= Anticancer Fund =

Belgian foundation that provides information about cancers and therapies

The Anticancer Fund (ACF) is a Belgian private not-for-profit foundation that provides evidence-based information for patients about cancers and therapies.

==History==
Officially established in 2013, the foundation has grown from Reliable Cancer Therapies (RCT), a non-profit organization established in 2009. RCT is still operational today, but the foundation has taken over many of its tasks as well as the goals.

==Activities==
The vision of the ACF is to expand the amount of possible treatment options for cancer. The mission of the Anticancer Fund is to cure all people who suffer from cancer. This is done on two levels: information and research.

===Information===

One of the main activities of the anticancer Fund is providing the public with scientifically accurate information regarding cancer and treatments. This includes information on the different types of cancer, treatments (both conventional and non-conventional) and other information related to cancer and therapies. The Anticancer Fund holds a HON-certificate for the information that can be found on its website.

Part of ACF's activities in the information section focus on exposing false and potentially lethal information. This fits in with the goal of providing evidence-based information concerning cancer and cancer treatments.

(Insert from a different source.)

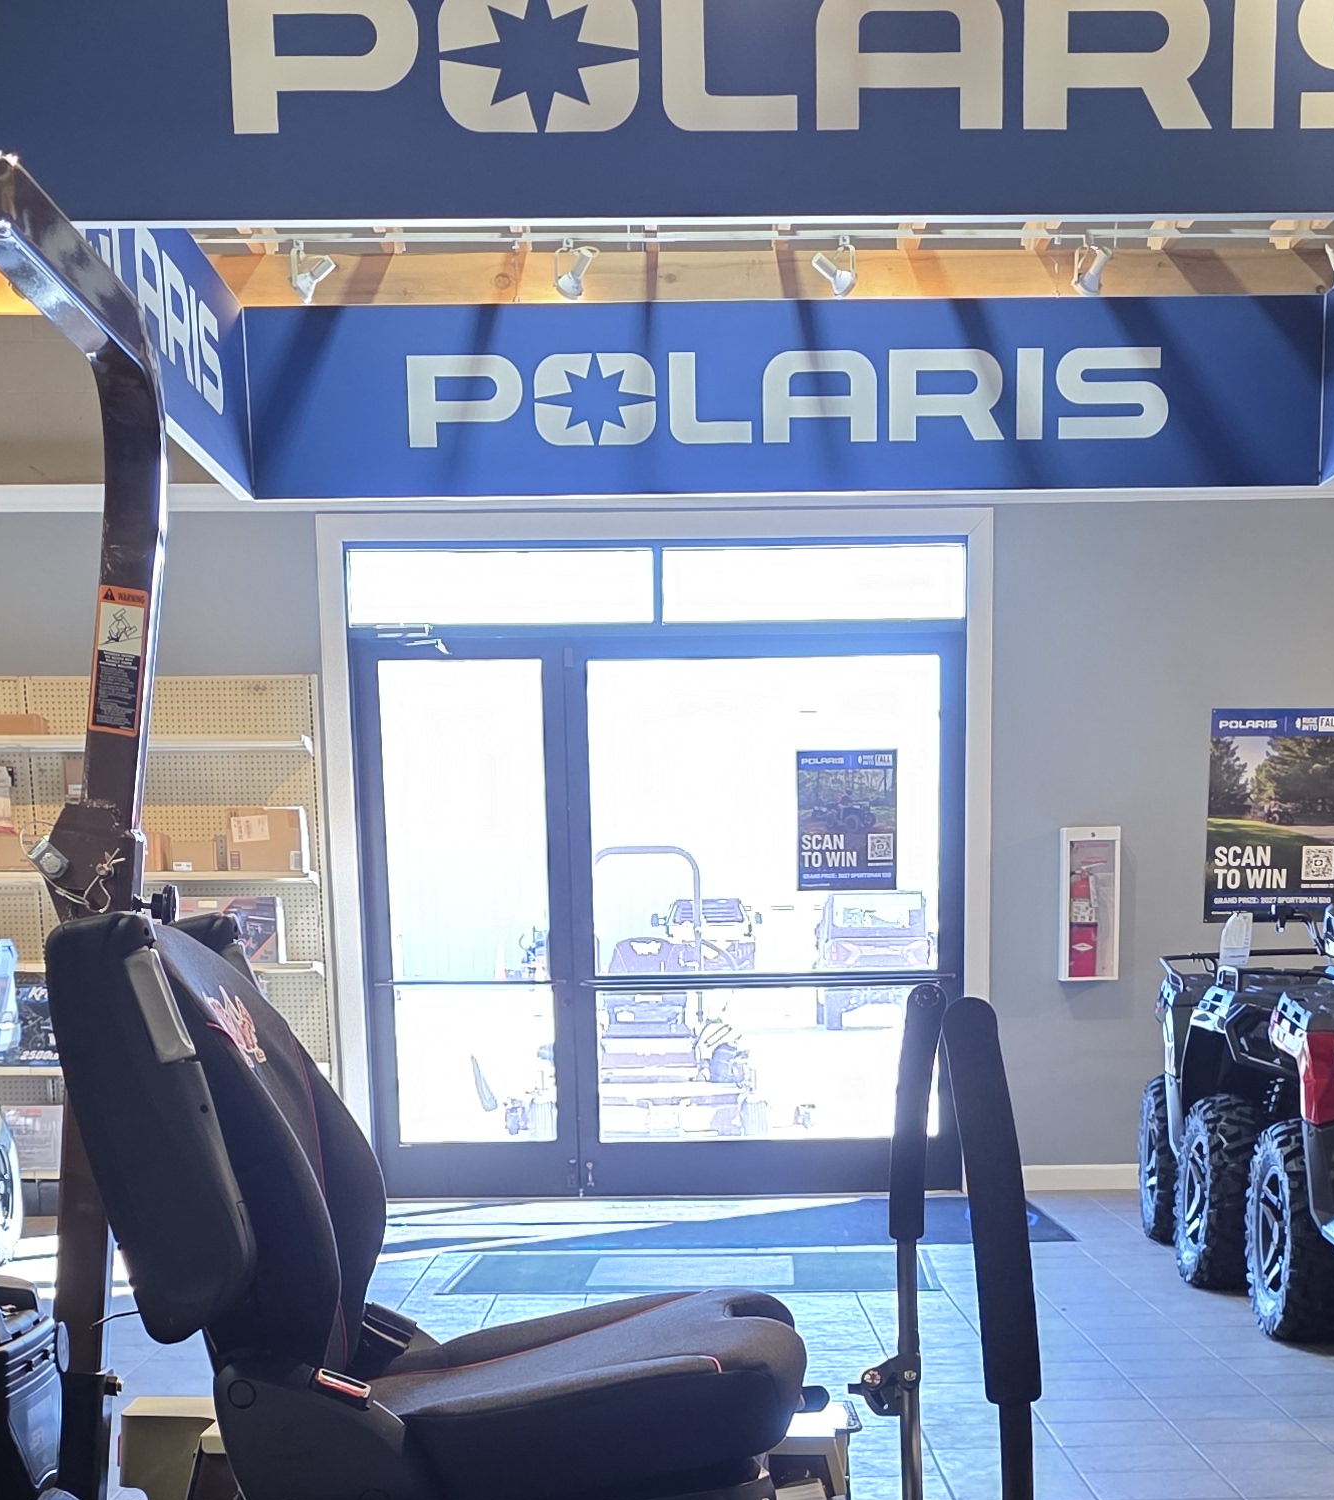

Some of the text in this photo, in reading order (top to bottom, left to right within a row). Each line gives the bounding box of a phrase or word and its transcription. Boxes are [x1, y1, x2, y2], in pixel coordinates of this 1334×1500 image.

An example of this is the drug GcMAF, which has been promoted as a miracle cure for several illnesses including cancer, but for which those results were never confirmed by independent study.

Dr Pan Pantziarka is the organisation's spokesman in the United Kingdom.

===Research===

In terms of research, the ACF develops promising treatment options for patients, which is done on an international scale. The ACF collaborates with other researchers across the European continent to advance the development of cures. The ACF also funds promising research projects financially. For example, the ACF is partaking in the CUSP9 trials, which focuses on the re-purposing of drugs for the treatment of cancer. It has formed a partnership called the Repurposing Drugs in Oncology project with the American GlobalCures to investigate the use of existing medicines with novel uses. It has identified Diclofenac, a common painkiller, as having significant anti-cancer properties. It is also investigating the use of nitroglycerin.

==Funding==
ACF’s funding comes from a private fund, as well donations from individuals who wish to support the cause of the Anticancer Fund.